TASK GOAL - Could you set down every record below exactly as it appears?

RECORDS FOR THIS EXERCISE -
= Beginning of Section =
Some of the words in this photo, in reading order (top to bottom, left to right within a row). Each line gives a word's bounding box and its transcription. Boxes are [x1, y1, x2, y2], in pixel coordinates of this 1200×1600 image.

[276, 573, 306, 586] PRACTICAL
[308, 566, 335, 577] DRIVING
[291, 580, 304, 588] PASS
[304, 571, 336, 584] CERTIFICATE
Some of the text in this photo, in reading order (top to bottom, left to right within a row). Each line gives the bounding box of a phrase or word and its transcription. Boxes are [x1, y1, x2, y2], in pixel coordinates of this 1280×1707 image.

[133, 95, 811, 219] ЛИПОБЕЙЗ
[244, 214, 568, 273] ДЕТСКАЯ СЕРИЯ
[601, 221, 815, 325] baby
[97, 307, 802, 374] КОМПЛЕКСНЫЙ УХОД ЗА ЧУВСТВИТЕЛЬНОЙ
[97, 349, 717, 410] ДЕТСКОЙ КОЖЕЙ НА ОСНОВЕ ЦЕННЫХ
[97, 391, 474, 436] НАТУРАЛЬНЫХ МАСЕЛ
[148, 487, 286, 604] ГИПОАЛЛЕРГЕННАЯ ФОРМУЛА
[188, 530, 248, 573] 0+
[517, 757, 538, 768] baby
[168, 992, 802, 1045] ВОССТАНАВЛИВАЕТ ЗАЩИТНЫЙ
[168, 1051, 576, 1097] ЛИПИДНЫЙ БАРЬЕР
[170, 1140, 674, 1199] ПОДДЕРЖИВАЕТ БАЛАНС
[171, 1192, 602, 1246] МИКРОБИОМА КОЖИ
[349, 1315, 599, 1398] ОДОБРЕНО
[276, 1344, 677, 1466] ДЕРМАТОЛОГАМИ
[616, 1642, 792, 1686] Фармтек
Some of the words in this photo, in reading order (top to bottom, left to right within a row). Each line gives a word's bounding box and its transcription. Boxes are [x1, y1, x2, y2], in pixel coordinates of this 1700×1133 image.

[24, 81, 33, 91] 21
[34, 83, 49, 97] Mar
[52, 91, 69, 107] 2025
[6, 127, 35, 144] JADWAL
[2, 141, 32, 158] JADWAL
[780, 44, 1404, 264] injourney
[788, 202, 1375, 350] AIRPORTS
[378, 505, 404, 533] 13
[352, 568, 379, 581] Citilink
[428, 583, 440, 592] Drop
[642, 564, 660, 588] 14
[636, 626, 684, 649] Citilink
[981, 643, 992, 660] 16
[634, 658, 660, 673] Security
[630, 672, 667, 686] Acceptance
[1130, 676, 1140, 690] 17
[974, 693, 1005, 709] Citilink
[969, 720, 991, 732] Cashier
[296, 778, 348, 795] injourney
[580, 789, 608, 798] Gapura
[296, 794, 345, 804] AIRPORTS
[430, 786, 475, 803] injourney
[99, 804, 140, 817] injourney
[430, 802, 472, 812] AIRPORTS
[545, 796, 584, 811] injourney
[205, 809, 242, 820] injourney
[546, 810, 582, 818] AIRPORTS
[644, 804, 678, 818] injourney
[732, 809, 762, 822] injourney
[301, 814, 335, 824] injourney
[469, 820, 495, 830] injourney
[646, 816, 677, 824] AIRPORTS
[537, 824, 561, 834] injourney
= End of Section =
RESULT OF THE EXERCISE -
Some of the words in this photo, in reading order (top to bottom, left to right within a row). Each line gives a word's bounding box and its transcription. Boxes are [x1, y1, x2, y2], in pixel coordinates of this 1200×1600 image.

[276, 573, 306, 586] PRACTICAL
[308, 566, 335, 577] DRIVING
[291, 580, 304, 588] PASS
[304, 571, 336, 584] CERTIFICATE
Some of the text in this photo, in reading order (top to bottom, left to right within a row). Each line gives the bounding box of a phrase or word and its transcription. Boxes are [x1, y1, x2, y2], in pixel coordinates of this 1280×1707 image.

[133, 95, 811, 219] ЛИПОБЕЙЗ
[244, 214, 568, 273] ДЕТСКАЯ СЕРИЯ
[601, 221, 815, 325] baby
[97, 307, 802, 374] КОМПЛЕКСНЫЙ УХОД ЗА ЧУВСТВИТЕЛЬНОЙ
[97, 349, 717, 410] ДЕТСКОЙ КОЖЕЙ НА ОСНОВЕ ЦЕННЫХ
[97, 391, 474, 436] НАТУРАЛЬНЫХ МАСЕЛ
[148, 487, 286, 604] ГИПОАЛЛЕРГЕННАЯ ФОРМУЛА
[188, 530, 248, 573] 0+
[517, 757, 538, 768] baby
[168, 992, 802, 1045] ВОССТАНАВЛИВАЕТ ЗАЩИТНЫЙ
[168, 1051, 576, 1097] ЛИПИДНЫЙ БАРЬЕР
[170, 1140, 674, 1199] ПОДДЕРЖИВАЕТ БАЛАНС
[171, 1192, 602, 1246] МИКРОБИОМА КОЖИ
[349, 1315, 599, 1398] ОДОБРЕНО
[276, 1344, 677, 1466] ДЕРМАТОЛОГАМИ
[616, 1642, 792, 1686] Фармтек
Some of the words in this photo, in reading order (top to bottom, left to right within a row). Each line gives a word's bounding box and its transcription. Boxes are [x1, y1, x2, y2], in pixel coordinates of this 1700×1133 image.

[24, 81, 33, 91] 21
[34, 83, 49, 97] Mar
[52, 91, 69, 107] 2025
[6, 127, 35, 144] JADWAL
[2, 141, 32, 158] JADWAL
[780, 44, 1404, 264] injourney
[788, 202, 1375, 350] AIRPORTS
[378, 505, 404, 533] 13
[352, 568, 379, 581] Citilink
[428, 583, 440, 592] Drop
[642, 564, 660, 588] 14
[636, 626, 684, 649] Citilink
[981, 643, 992, 660] 16
[634, 658, 660, 673] Security
[630, 672, 667, 686] Acceptance
[1130, 676, 1140, 690] 17
[974, 693, 1005, 709] Citilink
[969, 720, 991, 732] Cashier
[296, 778, 348, 795] injourney
[580, 789, 608, 798] Gapura
[296, 794, 345, 804] AIRPORTS
[430, 786, 475, 803] injourney
[99, 804, 140, 817] injourney
[430, 802, 472, 812] AIRPORTS
[545, 796, 584, 811] injourney
[205, 809, 242, 820] injourney
[546, 810, 582, 818] AIRPORTS
[644, 804, 678, 818] injourney
[732, 809, 762, 822] injourney
[301, 814, 335, 824] injourney
[469, 820, 495, 830] injourney
[646, 816, 677, 824] AIRPORTS
[537, 824, 561, 834] injourney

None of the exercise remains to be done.